Dan McKnight is an Afghanistan war veteran who founded an organization called “Bring Our Troops Home.” He recently appeared on the Tom Roten Morning Show on WVHU in Huntington, West Virginia, to talk about the Defend the Guard Bill that would ban the overseas deployment of National Guard troops by the federal government without a declaration of war.
James Madison wrote, “Of all the enemies to public liberty war is, perhaps, the most to be dreaded, because it comprises and develops the germ of every other,” Madison understood that war comes at great cost. McKnight said America’s modern wars are no exception.

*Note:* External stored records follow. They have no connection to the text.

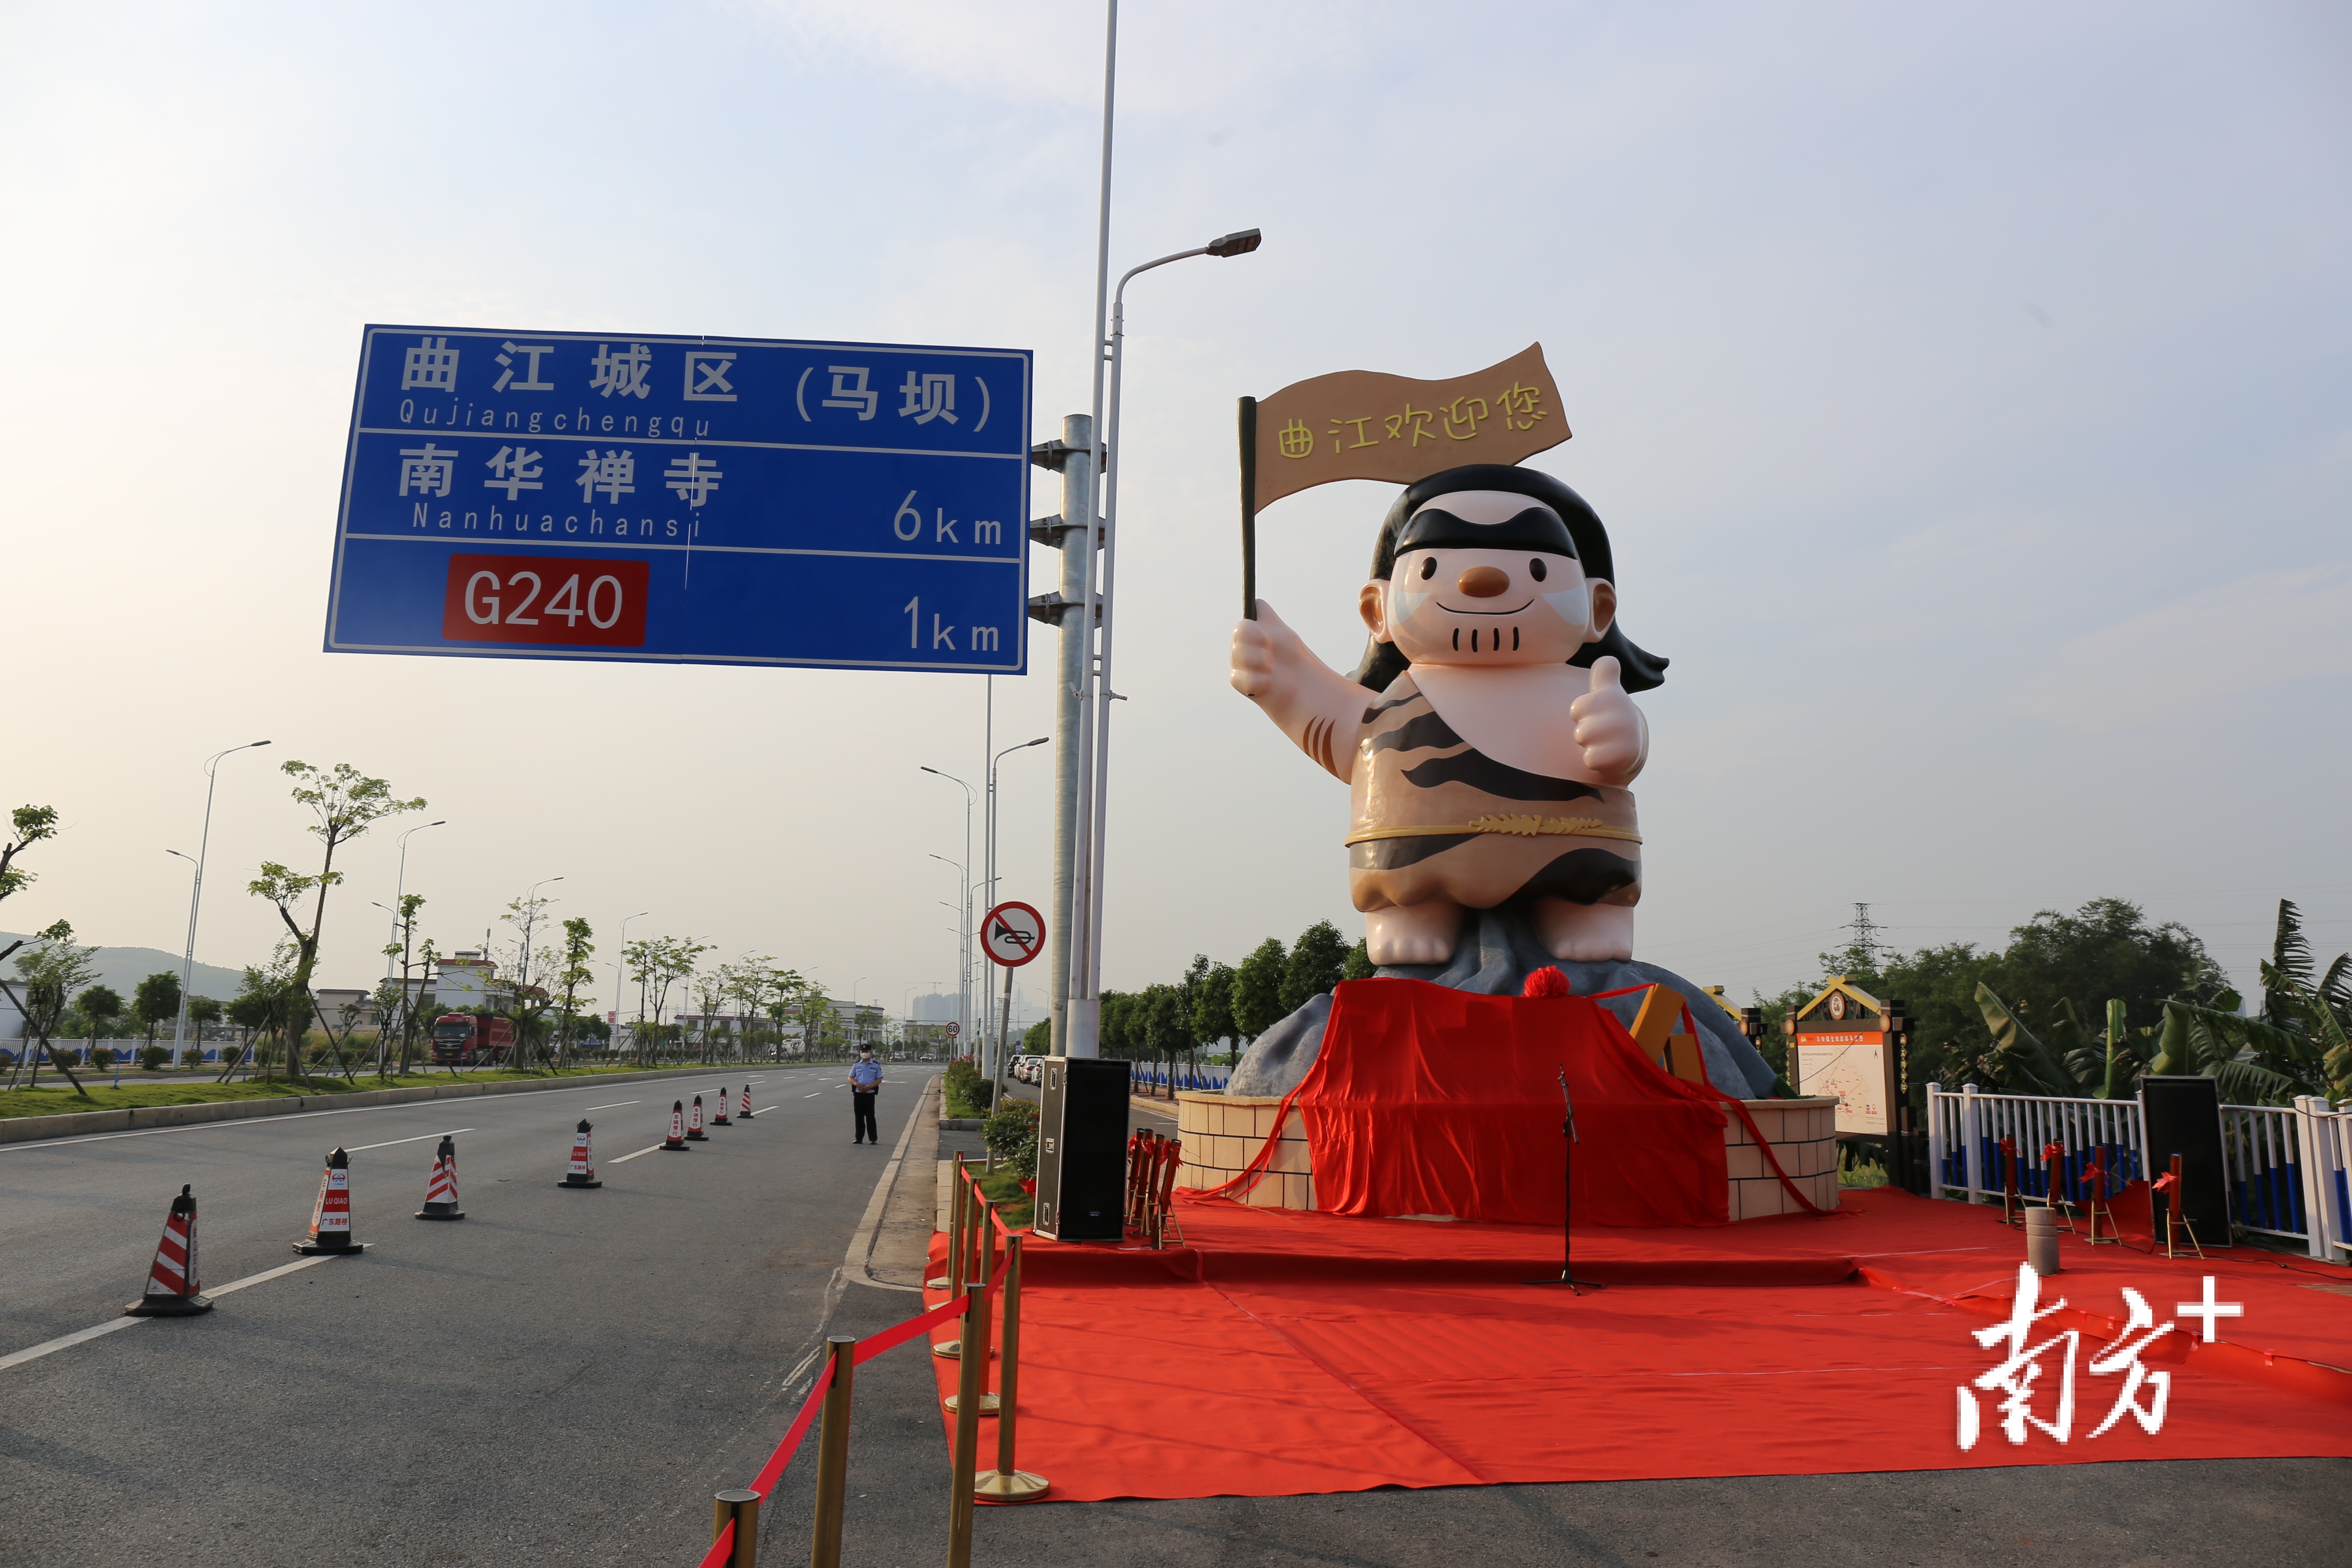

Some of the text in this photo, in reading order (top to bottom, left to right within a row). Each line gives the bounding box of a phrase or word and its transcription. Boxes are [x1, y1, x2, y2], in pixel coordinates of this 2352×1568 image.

[401, 399, 708, 437] Qujiangchengqu
[1279, 382, 1547, 459] 曲江欢迎您
[399, 444, 722, 510] 南华禅寺
[413, 503, 699, 536] Nanhuachansi
[464, 570, 623, 629] G240

“The biggest waste of going into Afganistan is the lives and blood spilled by now soldiers who weren’t even born when the war started. And so the financial toll, and the toll on American lives, and the damage it is doing to families back home, it’s immeasurable. You can’t put a quantitative number to it.”
McKnight has worked with West Virginia Delegate Pat McGeehan on the Defend the Guard bill. McGeehan has introduced the legislation multiple times. Through some savvy political maneuvering during the 2019 legislative session, he was able to get the bill out of committee and onto the House floor. Unfortunately, Republican leadership managed to kill the measure. But McGeehan and McKnight have seized on the momentum. This year, they say legislatures in over 20 states will consider similar measures.

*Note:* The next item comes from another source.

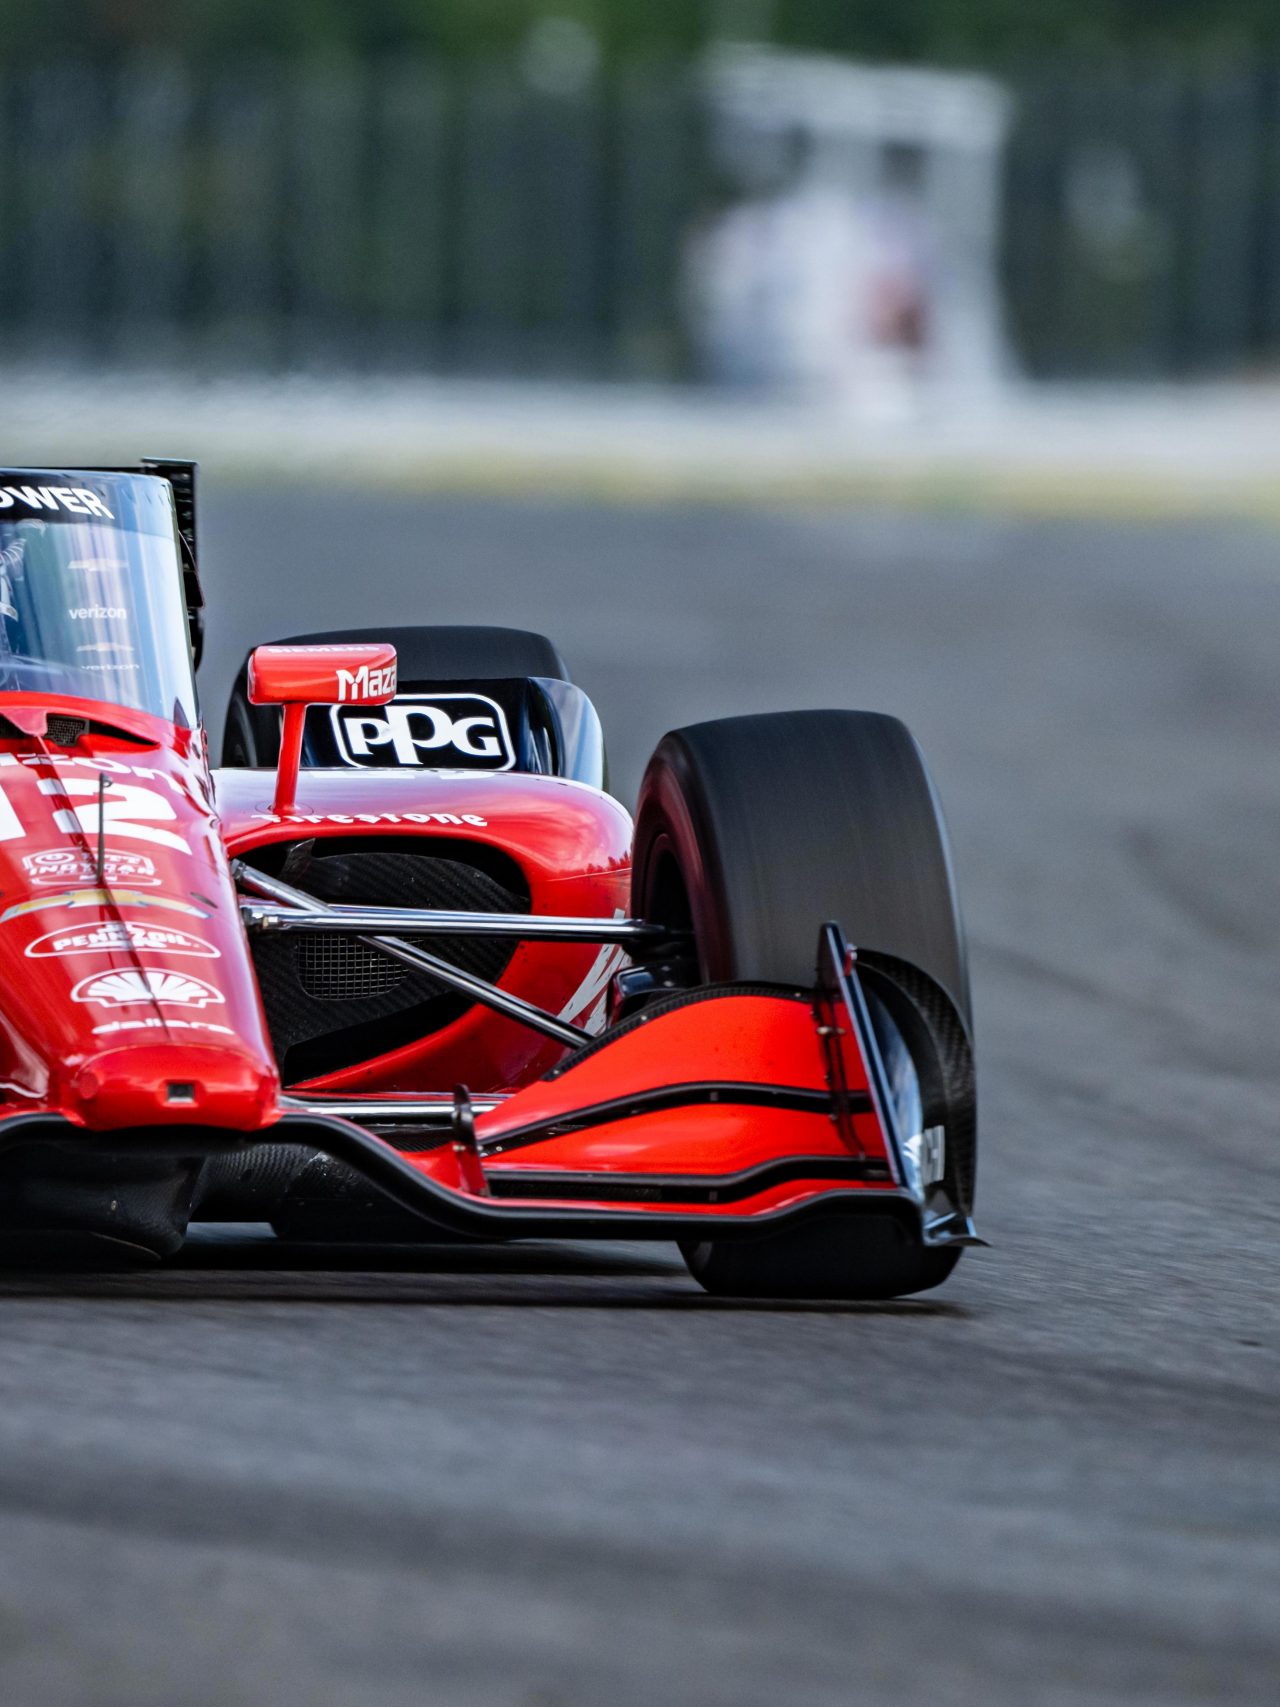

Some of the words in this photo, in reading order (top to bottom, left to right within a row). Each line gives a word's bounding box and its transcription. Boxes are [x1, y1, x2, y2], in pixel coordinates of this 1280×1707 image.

[68, 604, 127, 619] verizon
[343, 705, 503, 765] PPG
[251, 814, 488, 827] Firestone
[52, 922, 192, 951] PENNZOIL

“With that kind of momentum, even if none of the state pass this law, it’s showing the country, the citizens, the people that are actually being represented by the knuckleheads in Washington D.C. are tired of this war and we’re asking them to do something about it. Reclaim your dang authority. Do your job before you send our sons and daughters, our brothers and sisters, our husbands, fathers and mothers, to go fight in a war that has no national interest – no national security threat.”
McKnight said one of his organization’s biggest pushes is to get Congress to reclaim its authority and retire the authorization of use of military force from 2001 and 2002 that sent U.S. troops to Afghanistan and Iraq.
“If you want to send American troops to war, by-God, do it the right way. Give us the honor and that respect of doing it the way the Constitution prescribes.”